SUPPLIED MATERIAL Block Start
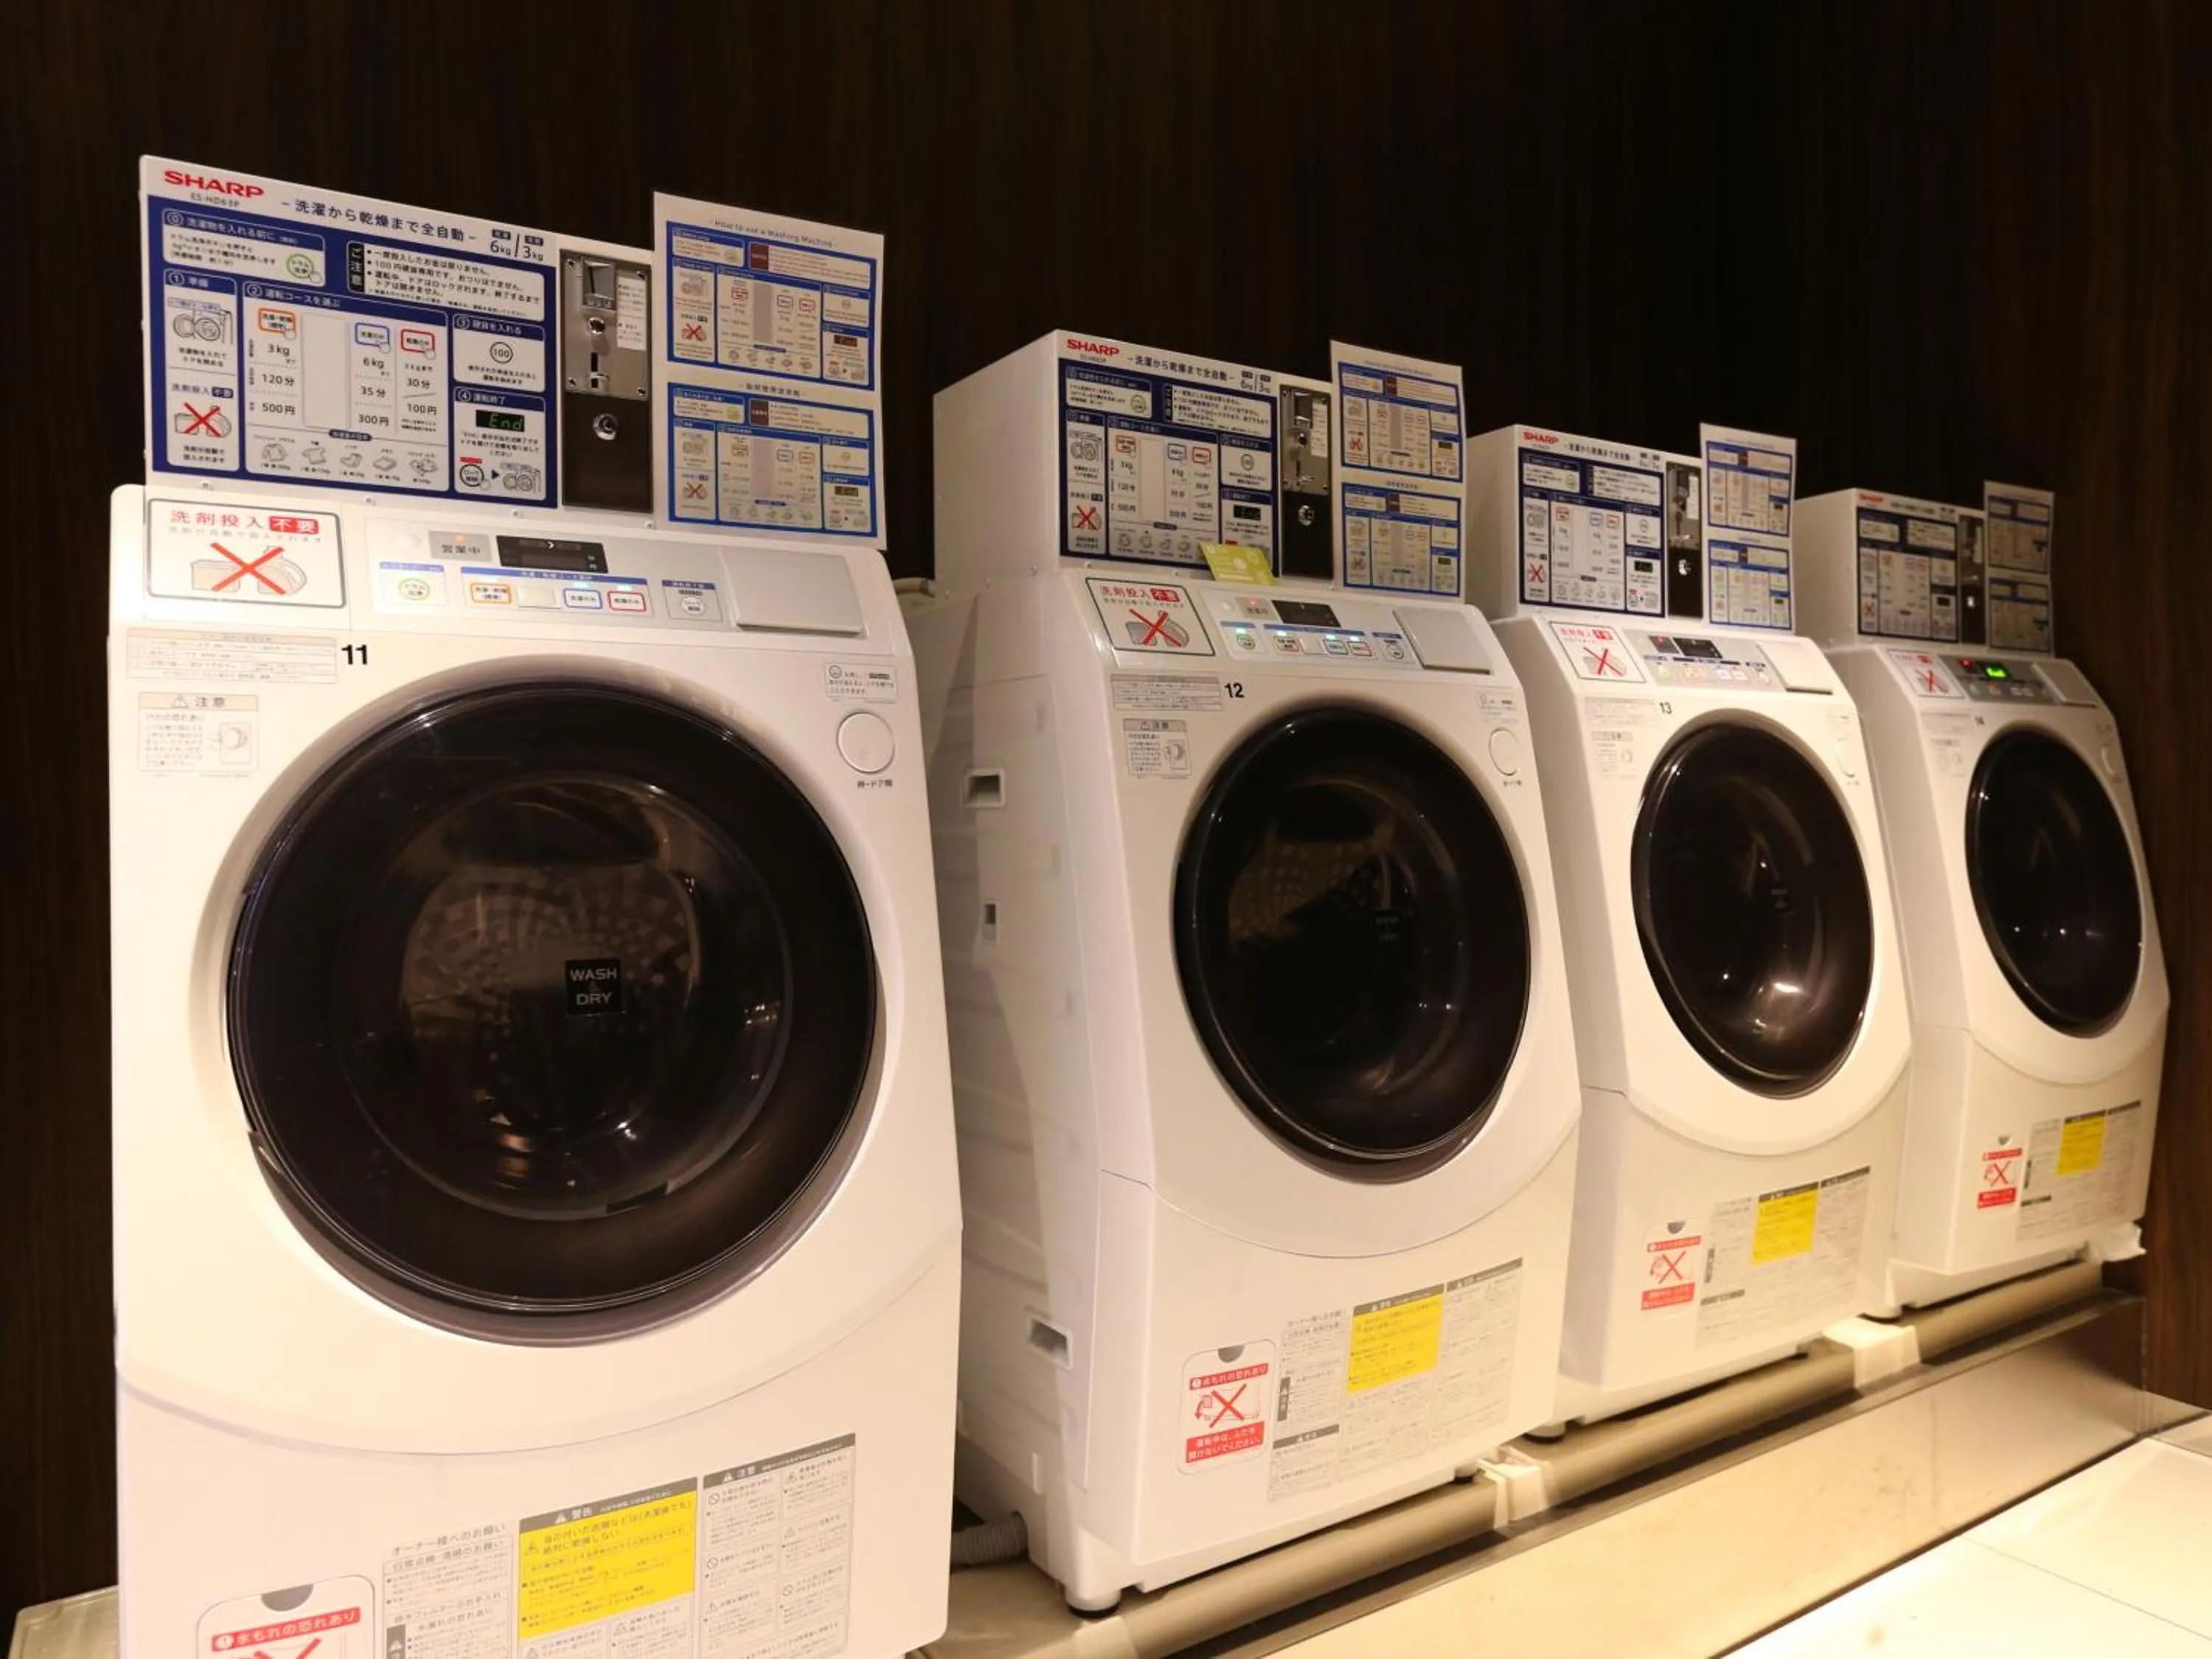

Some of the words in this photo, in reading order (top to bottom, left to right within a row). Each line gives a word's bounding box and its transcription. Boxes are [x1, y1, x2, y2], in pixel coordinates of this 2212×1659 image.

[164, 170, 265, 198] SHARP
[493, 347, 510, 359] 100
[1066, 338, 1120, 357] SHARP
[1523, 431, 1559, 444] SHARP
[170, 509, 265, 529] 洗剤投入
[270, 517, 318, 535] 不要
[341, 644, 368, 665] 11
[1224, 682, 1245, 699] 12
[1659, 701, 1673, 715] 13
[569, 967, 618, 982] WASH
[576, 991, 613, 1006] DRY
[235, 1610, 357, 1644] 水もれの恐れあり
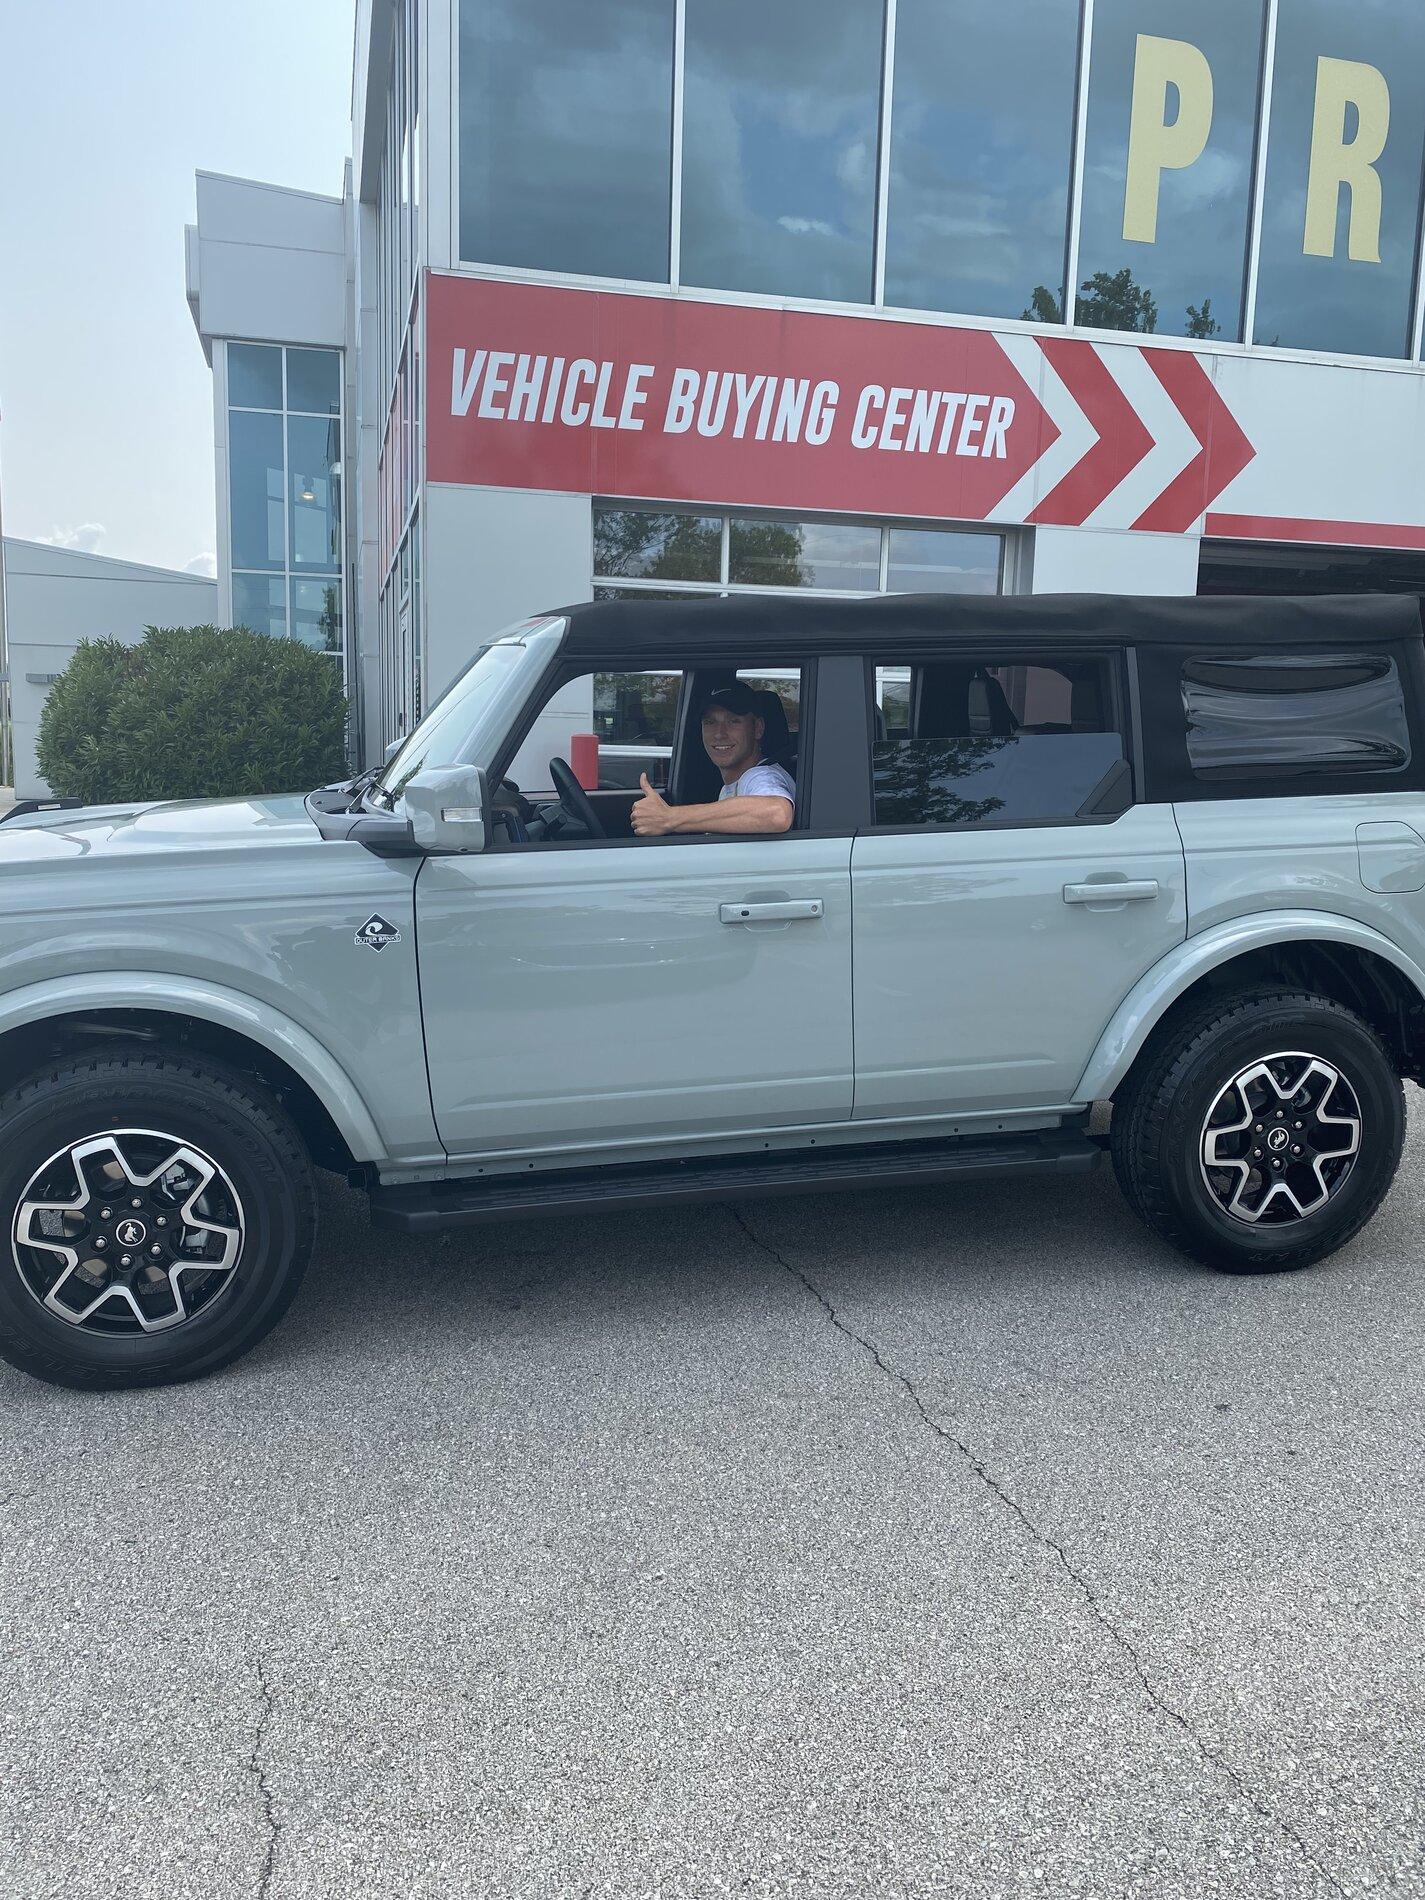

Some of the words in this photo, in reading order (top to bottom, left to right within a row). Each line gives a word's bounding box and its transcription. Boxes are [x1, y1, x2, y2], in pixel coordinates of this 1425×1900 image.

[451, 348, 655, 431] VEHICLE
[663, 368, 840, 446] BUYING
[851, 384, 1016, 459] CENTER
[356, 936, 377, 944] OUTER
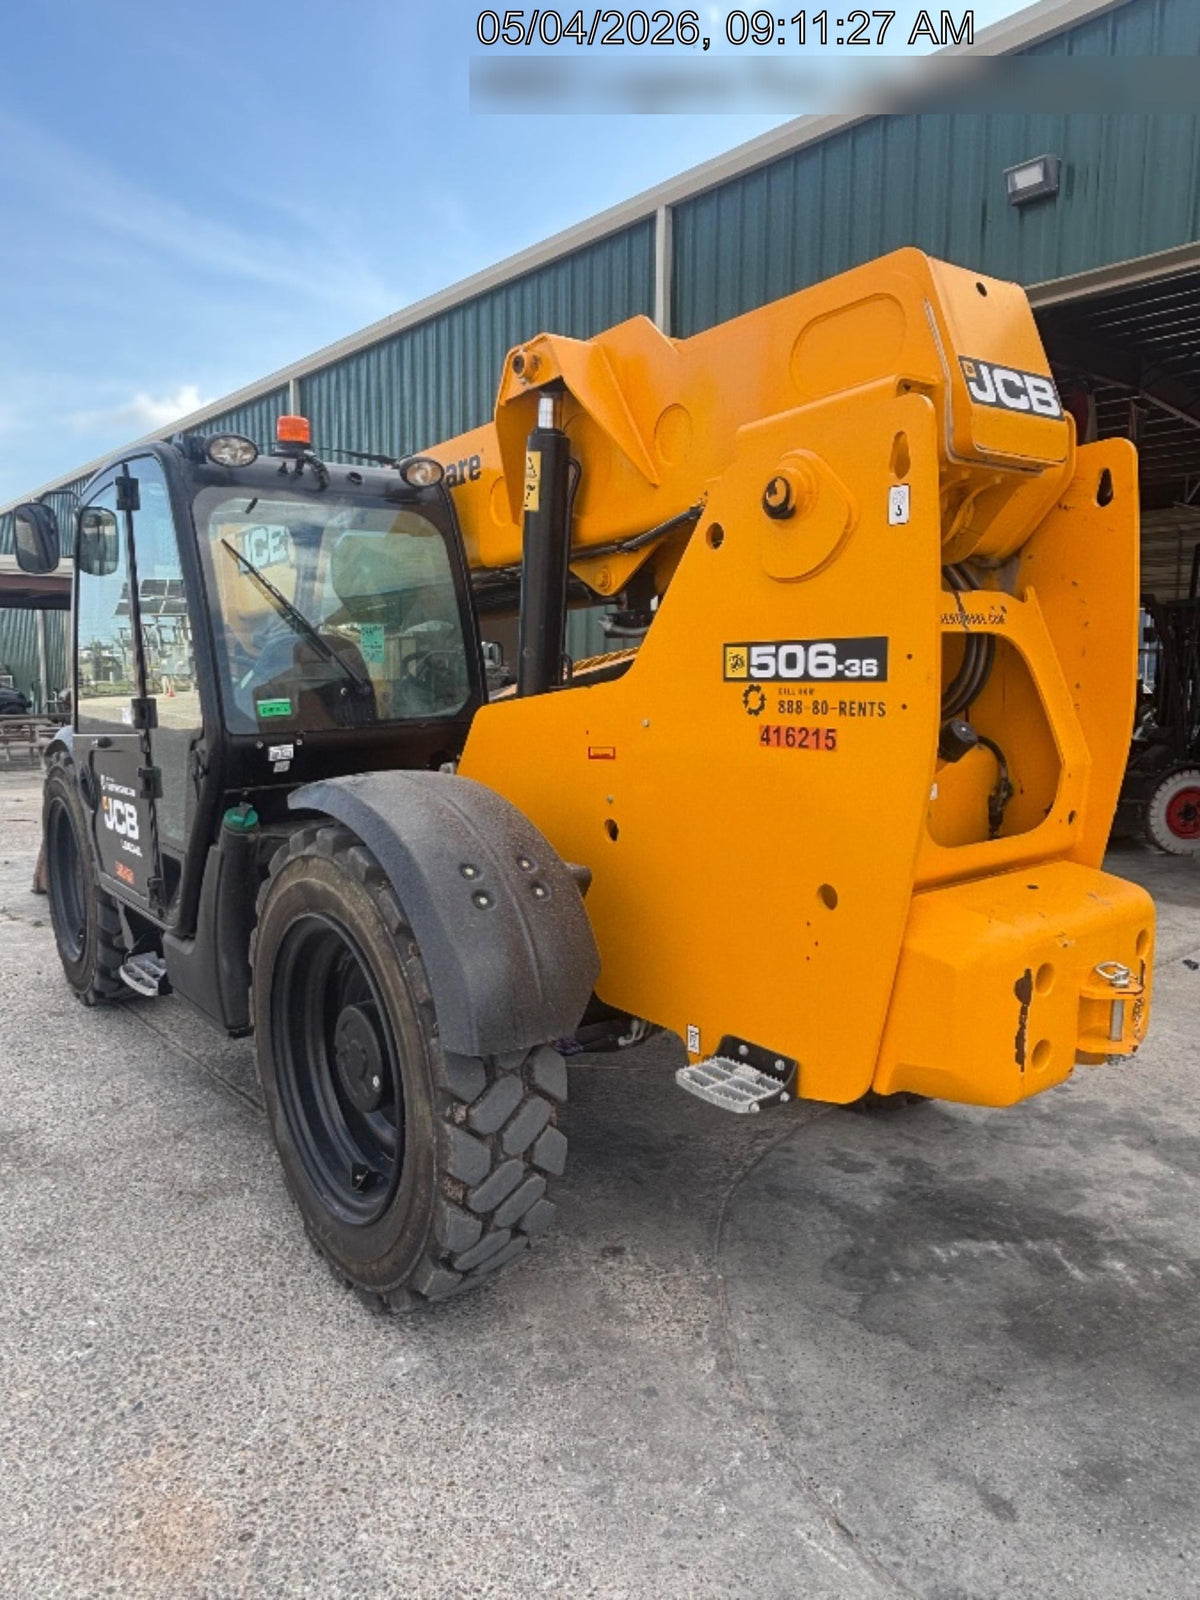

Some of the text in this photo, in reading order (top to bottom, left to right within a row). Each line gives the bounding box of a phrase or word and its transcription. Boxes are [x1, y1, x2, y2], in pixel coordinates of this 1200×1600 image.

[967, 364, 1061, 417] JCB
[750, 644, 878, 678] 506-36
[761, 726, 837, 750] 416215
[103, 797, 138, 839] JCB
SUPPLIED MATERIAL Block End
## EXERCISE BRIEF
Return every entry above word for word, and include no images.

## REPLY TO THE EXERCISE
Some of the words in this photo, in reading order (top to bottom, left to right within a row). Each line gives a word's bounding box and its transcription. Boxes are [x1, y1, x2, y2], in pixel coordinates of this 2212×1659 image.

[164, 170, 265, 198] SHARP
[493, 347, 510, 359] 100
[1066, 338, 1120, 357] SHARP
[1523, 431, 1559, 444] SHARP
[170, 509, 265, 529] 洗剤投入
[270, 517, 318, 535] 不要
[341, 644, 368, 665] 11
[1224, 682, 1245, 699] 12
[1659, 701, 1673, 715] 13
[569, 967, 618, 982] WASH
[576, 991, 613, 1006] DRY
[235, 1610, 357, 1644] 水もれの恐れあり

Some of the words in this photo, in reading order (top to bottom, left to right within a row). Each line gives a word's bounding box and its transcription. Boxes are [x1, y1, x2, y2], in pixel coordinates of this 1425×1900 image.

[451, 348, 655, 431] VEHICLE
[663, 368, 840, 446] BUYING
[851, 384, 1016, 459] CENTER
[356, 936, 377, 944] OUTER

Some of the text in this photo, in reading order (top to bottom, left to right within a row). Each line gives the bounding box of a phrase or word and its transcription. Boxes are [x1, y1, x2, y2], in pixel coordinates of this 1200×1600 image.

[967, 364, 1061, 417] JCB
[750, 644, 878, 678] 506-36
[761, 726, 837, 750] 416215
[103, 797, 138, 839] JCB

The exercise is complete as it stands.